Village, parish and community in Pembrokeshire, Wales

Carew (Caeriw) is a village, parish and community on an inlet of Milford Haven in the former Hundred of Narberth, Pembrokeshire, West Wales, 4 miles east of Pembroke. The eastern part of the parish is in the Pembrokeshire Coast National Park.

==Description==
The meaning of the name is unclear. In Welsh it could mean "fort on a hill" (Caer-rhiw), "fort by yews" (Caer-yw) or simply "forts" (Caerau). The village grew up to serve the nearby Norman castle. The parish includes several other villages and hamlets, including Carew Cheriton (around the parish church), Carew Newton, Milton, West Williamston, Sageston and Whitehill.

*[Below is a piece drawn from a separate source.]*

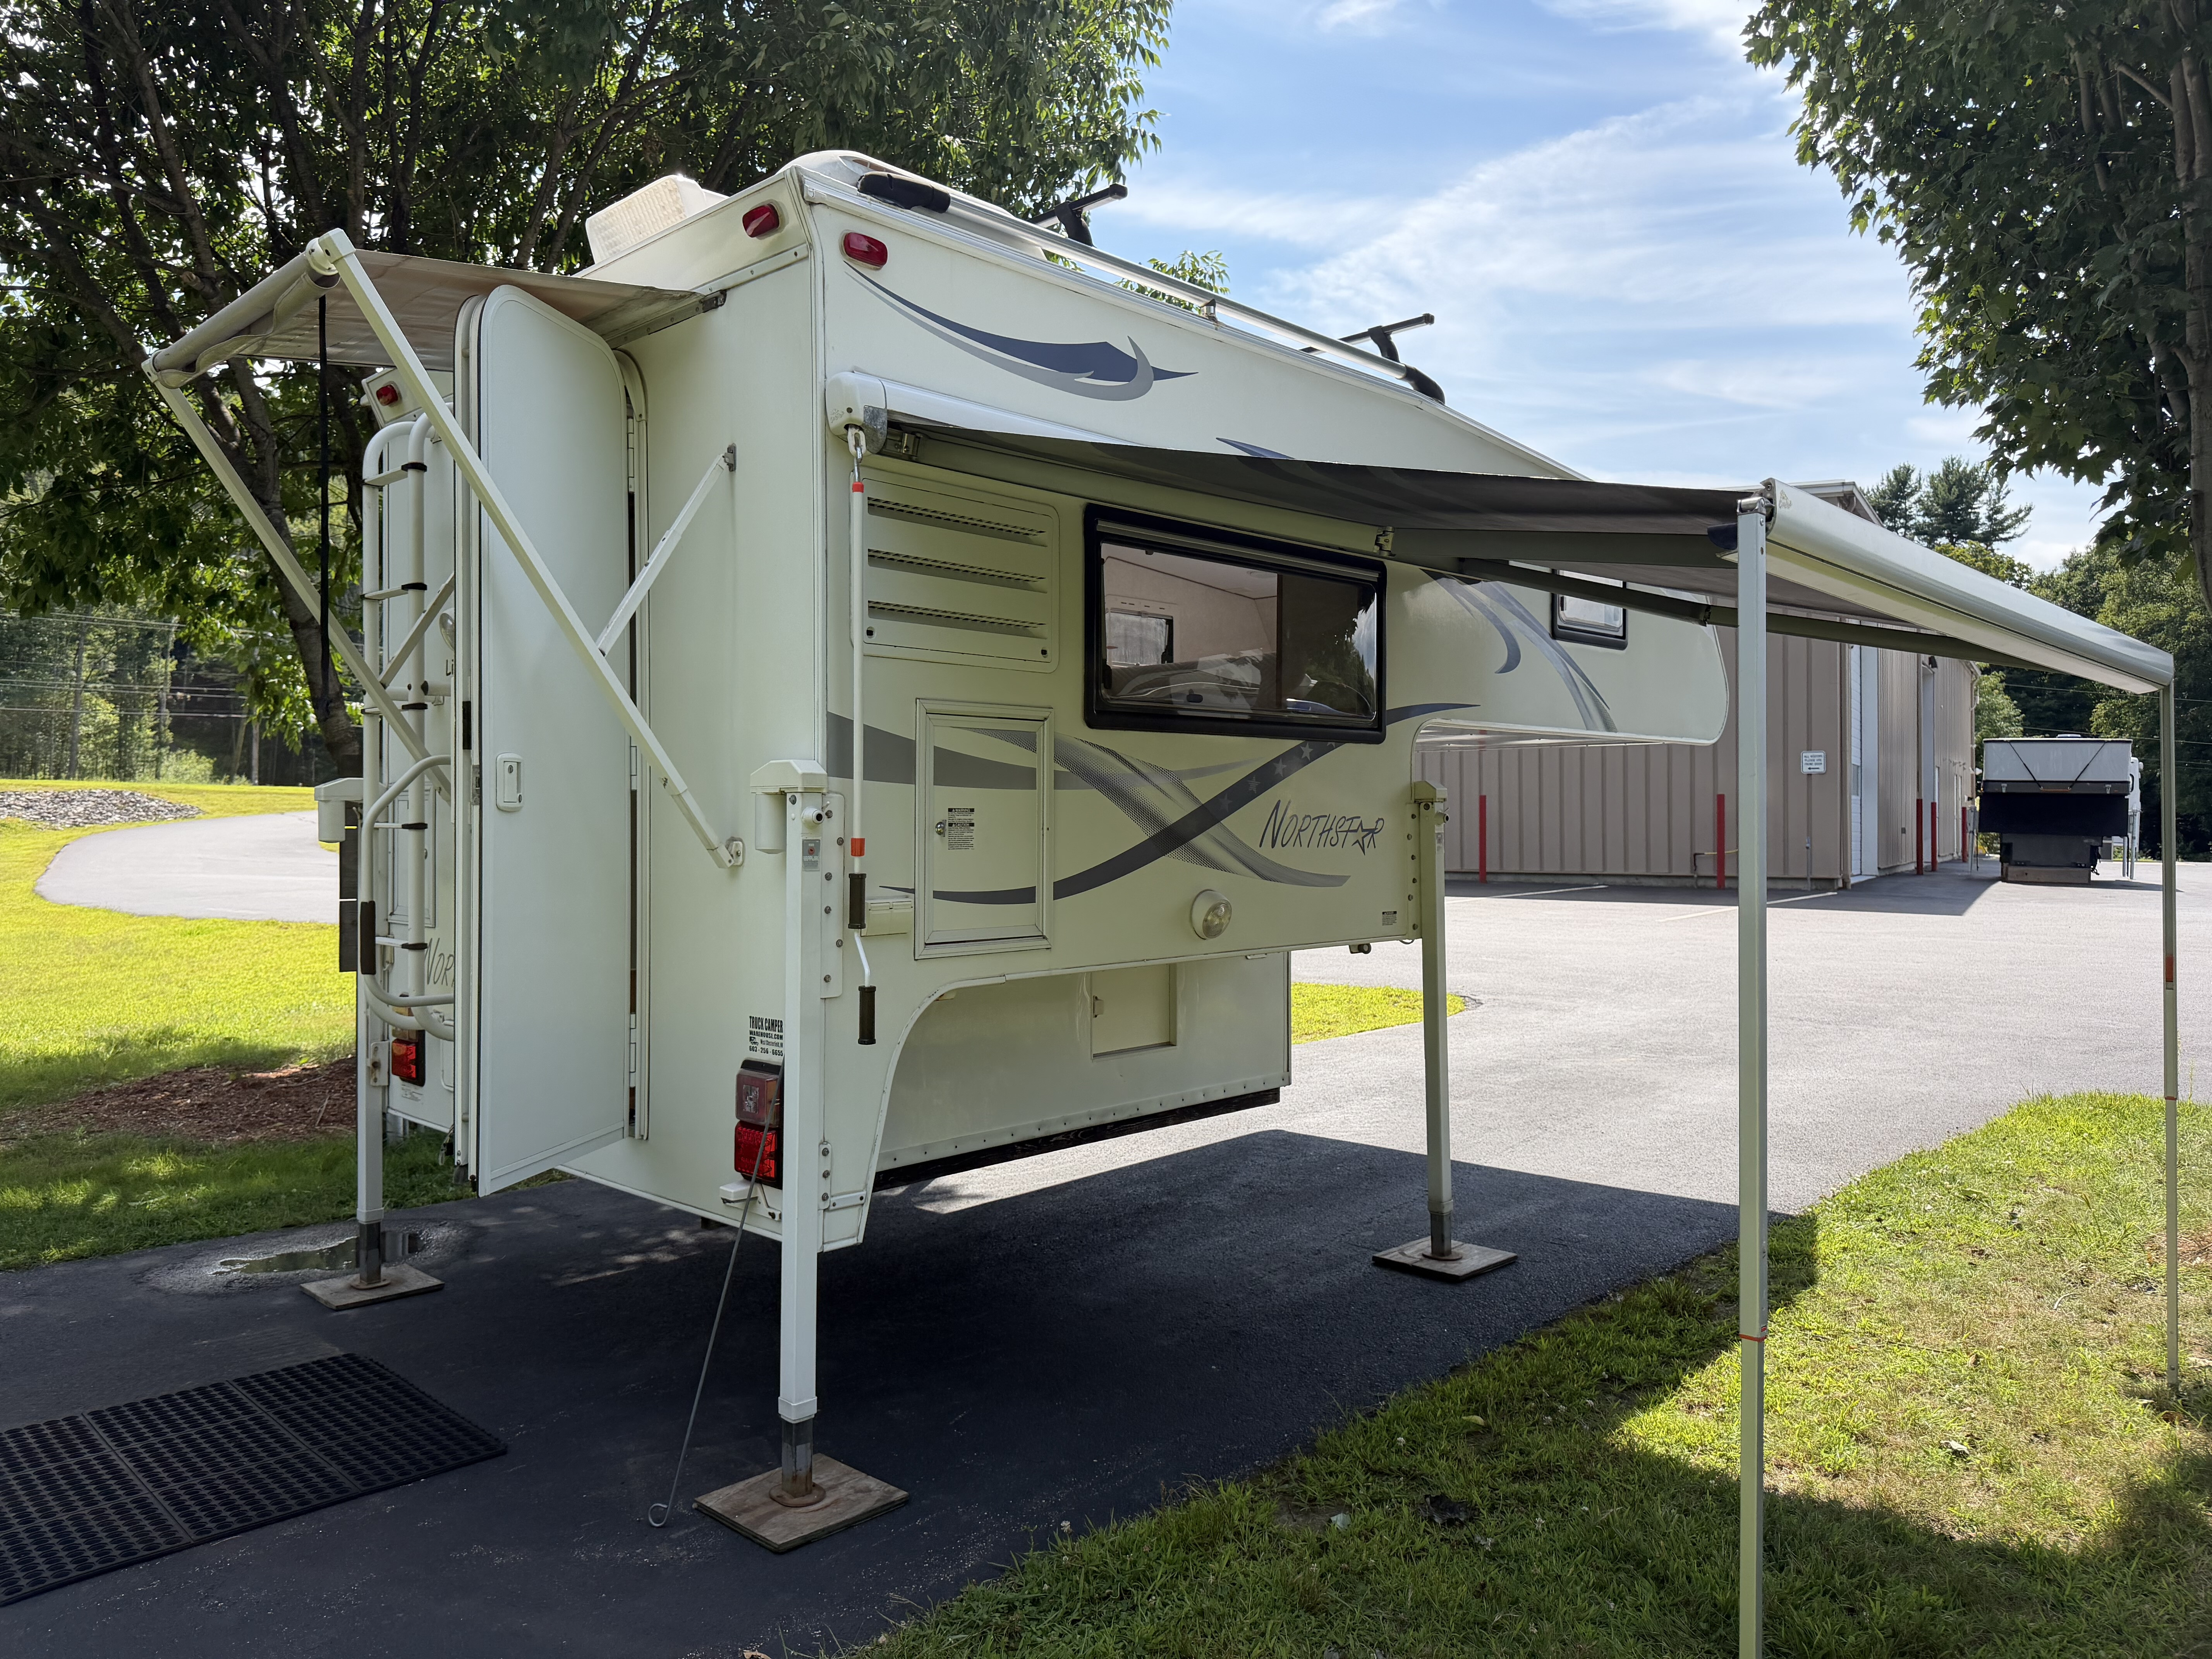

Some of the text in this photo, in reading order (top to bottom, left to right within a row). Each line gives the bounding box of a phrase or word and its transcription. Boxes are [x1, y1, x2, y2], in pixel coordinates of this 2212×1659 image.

Textile mills gave Milton its name. In the 19th century, there was a carding mill downstream, a weaving mill by the bridge, and a fulling mill upstream.

West Williamston had an industrial history: limestone was quarried in the area for centuries; stone was cut from slot-shaped flooded quarries communicating with the haven, known locally as "docks". See examples at . These allowed stone to be dropped from the quarry faces directly into barges at the bottom. From there, stone was shipped to lime kilns all around the coast of North Pembrokeshire and Cardiganshire. A small quarry still operates north of Carew village. Besides limestone, anthracite was mined on a small scale for local consumption at Minnis Pit on the northeastern edge of the parish.

Typical of South Pembrokeshire, the parish has been predominantly English-speaking since the 12th century.

==Governance==
The village has its own elected community council and gives its name to an electoral ward of Pembrokeshire County Council.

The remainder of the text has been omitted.